世の中の動向は官公庁・自治体・民間調査会社などが提供する調査データや、経済ビジネス誌などのメディアからチェックできるほか、現代ではSNSを活用して顧客のニーズを汲み取ることも効果的です。
3-3.自社の強みから考える
自社の強みは、既存の商品・サービスだけでなく異なる分野でも活かせる場合があります。
たとえばデジタルカメラで有名な富士フイルムは、フィルムの技術を活かして異業種の化粧品業界に参入しました。
ただし、表向きに見えている強みを洗い出すだけでは、新しいアイデアを生み出せないケースも少なくありません。既存事業から各部門の機能を整理し経営資源を棚卸しすることで、顧客への提供価値に裏付けされた自社のノウハウや仕組みを見つけやすくなるでしょう。

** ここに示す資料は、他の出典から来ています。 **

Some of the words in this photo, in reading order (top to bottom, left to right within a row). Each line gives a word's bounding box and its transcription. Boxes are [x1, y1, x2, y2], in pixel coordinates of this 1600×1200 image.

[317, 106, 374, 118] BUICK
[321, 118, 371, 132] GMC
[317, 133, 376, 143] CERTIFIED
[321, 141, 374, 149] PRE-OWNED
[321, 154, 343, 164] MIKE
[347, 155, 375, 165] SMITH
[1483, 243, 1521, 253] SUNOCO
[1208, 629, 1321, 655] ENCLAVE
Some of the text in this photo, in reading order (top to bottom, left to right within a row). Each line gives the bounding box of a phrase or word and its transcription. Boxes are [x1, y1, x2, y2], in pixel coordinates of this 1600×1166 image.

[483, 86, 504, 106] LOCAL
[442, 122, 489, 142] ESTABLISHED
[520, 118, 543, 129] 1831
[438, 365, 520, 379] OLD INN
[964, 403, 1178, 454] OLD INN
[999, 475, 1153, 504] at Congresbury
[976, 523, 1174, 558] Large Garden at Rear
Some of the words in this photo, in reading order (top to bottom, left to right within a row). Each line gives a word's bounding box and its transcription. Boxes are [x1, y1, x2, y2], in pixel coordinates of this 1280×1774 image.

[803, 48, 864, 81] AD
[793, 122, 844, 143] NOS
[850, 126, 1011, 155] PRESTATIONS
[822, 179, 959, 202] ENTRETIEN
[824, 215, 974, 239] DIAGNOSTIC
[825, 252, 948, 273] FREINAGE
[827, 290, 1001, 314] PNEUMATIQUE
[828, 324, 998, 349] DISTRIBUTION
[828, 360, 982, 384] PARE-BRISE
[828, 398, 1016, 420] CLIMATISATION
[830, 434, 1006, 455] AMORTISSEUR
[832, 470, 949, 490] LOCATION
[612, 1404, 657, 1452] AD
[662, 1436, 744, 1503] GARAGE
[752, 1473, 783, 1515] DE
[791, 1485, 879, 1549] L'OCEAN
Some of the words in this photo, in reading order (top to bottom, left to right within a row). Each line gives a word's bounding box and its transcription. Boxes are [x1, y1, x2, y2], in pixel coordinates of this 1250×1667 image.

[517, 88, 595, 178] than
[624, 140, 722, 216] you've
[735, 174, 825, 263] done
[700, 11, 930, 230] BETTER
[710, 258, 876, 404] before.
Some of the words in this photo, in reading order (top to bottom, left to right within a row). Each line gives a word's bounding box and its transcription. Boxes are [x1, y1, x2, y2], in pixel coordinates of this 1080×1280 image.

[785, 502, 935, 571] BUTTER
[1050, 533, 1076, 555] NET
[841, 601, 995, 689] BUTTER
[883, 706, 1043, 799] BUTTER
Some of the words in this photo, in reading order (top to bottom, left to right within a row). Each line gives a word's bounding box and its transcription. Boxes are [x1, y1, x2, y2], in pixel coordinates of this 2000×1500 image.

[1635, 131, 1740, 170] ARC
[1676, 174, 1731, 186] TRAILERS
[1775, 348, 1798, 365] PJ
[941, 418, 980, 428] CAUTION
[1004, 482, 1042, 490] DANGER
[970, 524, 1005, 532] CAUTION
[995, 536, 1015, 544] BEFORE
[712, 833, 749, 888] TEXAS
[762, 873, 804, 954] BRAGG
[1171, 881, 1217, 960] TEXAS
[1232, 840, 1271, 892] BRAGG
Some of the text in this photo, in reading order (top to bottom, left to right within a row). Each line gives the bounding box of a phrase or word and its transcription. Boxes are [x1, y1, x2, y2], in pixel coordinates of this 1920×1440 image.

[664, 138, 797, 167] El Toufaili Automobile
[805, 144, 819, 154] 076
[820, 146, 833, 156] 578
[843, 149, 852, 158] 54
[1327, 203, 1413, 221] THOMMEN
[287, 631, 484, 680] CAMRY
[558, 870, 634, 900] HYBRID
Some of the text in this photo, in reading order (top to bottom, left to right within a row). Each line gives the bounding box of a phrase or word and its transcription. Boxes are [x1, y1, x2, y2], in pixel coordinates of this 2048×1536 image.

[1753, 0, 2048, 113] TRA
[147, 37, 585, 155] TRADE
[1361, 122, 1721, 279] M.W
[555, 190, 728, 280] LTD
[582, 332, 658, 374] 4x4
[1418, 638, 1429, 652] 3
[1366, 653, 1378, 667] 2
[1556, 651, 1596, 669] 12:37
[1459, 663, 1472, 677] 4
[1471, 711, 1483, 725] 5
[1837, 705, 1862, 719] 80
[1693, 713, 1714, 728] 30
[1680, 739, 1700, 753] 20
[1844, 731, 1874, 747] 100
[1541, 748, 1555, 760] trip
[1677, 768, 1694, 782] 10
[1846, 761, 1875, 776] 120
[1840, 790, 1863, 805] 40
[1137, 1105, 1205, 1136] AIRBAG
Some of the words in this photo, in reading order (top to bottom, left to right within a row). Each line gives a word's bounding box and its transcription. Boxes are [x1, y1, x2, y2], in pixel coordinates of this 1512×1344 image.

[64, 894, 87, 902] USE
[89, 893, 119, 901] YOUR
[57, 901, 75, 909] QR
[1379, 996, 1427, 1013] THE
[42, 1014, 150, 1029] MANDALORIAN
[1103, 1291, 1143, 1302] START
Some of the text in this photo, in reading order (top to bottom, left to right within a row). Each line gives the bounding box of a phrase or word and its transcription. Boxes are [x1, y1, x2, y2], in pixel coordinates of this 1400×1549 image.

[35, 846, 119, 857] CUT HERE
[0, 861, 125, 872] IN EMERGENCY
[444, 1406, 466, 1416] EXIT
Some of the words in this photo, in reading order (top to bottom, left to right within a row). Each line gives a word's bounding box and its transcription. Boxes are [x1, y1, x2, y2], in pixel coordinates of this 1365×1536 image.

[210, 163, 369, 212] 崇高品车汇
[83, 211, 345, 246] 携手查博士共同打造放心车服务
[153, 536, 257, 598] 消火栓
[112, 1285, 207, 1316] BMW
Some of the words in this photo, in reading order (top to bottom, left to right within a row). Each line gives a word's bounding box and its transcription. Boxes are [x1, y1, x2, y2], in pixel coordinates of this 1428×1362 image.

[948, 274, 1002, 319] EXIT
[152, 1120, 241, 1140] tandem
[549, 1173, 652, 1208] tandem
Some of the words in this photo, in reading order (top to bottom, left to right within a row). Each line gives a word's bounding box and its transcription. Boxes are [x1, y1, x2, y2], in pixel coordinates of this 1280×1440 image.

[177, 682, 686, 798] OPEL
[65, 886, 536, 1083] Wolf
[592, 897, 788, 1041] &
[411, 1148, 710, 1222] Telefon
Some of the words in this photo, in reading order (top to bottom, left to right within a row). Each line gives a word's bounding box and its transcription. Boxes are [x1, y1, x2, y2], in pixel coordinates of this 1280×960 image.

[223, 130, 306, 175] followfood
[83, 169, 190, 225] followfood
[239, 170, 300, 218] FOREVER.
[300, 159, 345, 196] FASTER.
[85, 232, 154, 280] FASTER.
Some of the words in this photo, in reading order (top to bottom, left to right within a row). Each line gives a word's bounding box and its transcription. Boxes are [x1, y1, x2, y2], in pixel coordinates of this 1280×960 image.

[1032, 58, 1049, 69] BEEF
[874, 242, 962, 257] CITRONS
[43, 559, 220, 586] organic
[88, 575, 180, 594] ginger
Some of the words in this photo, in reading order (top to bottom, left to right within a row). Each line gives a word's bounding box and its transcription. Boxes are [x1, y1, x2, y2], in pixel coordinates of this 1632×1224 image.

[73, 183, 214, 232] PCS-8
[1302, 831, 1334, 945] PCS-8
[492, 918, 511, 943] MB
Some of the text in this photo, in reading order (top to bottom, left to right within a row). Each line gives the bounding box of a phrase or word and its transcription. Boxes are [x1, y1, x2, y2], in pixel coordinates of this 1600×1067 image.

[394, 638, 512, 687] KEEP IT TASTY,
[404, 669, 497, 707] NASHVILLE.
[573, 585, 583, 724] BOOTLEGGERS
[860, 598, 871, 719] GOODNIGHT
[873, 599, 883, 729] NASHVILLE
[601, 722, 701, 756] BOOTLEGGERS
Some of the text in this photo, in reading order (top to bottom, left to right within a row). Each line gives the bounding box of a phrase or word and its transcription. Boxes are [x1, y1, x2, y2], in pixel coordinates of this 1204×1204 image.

さらにこれらを組み合わせることで、他の分野へ横展開できる可能性が高まります。
3-4.他社の成功事例を参考にする
新規事業の糸口が見つからないときは、他社ですでに成功している事例を参考にアイデアを考えてみるのもおすすめです。
新商品を開発する際の着眼点やノウハウの組み合わせ方などについて、効果的なヒントを得られる場合もあります。
企業のホームページなどで成功事例を紹介していることも多いため、必要に応じて情報収集してみるとよいでしょう。
ただし、他社を完全に模倣したアイデアは新規性が落ちるだけでなく、トラブルに発展するおそれがあるため注意が必要です。また、日本と海外では文化やルールなどが異なるため、海外企業の事例を参考にする際は国内向けに置き換える必要があります。
3-5.外部のアイデアを取り入れる
自社だけで新規事業のアイデアを考えるのが難しい場合は、外部からアイデアを取り入れる方法も効果的です。
自社以外が持つリソースやノウハウを導入して、革新的な商品・サービスを生み出すことをオープンイノベーションと呼び、経済産業省も促進しています。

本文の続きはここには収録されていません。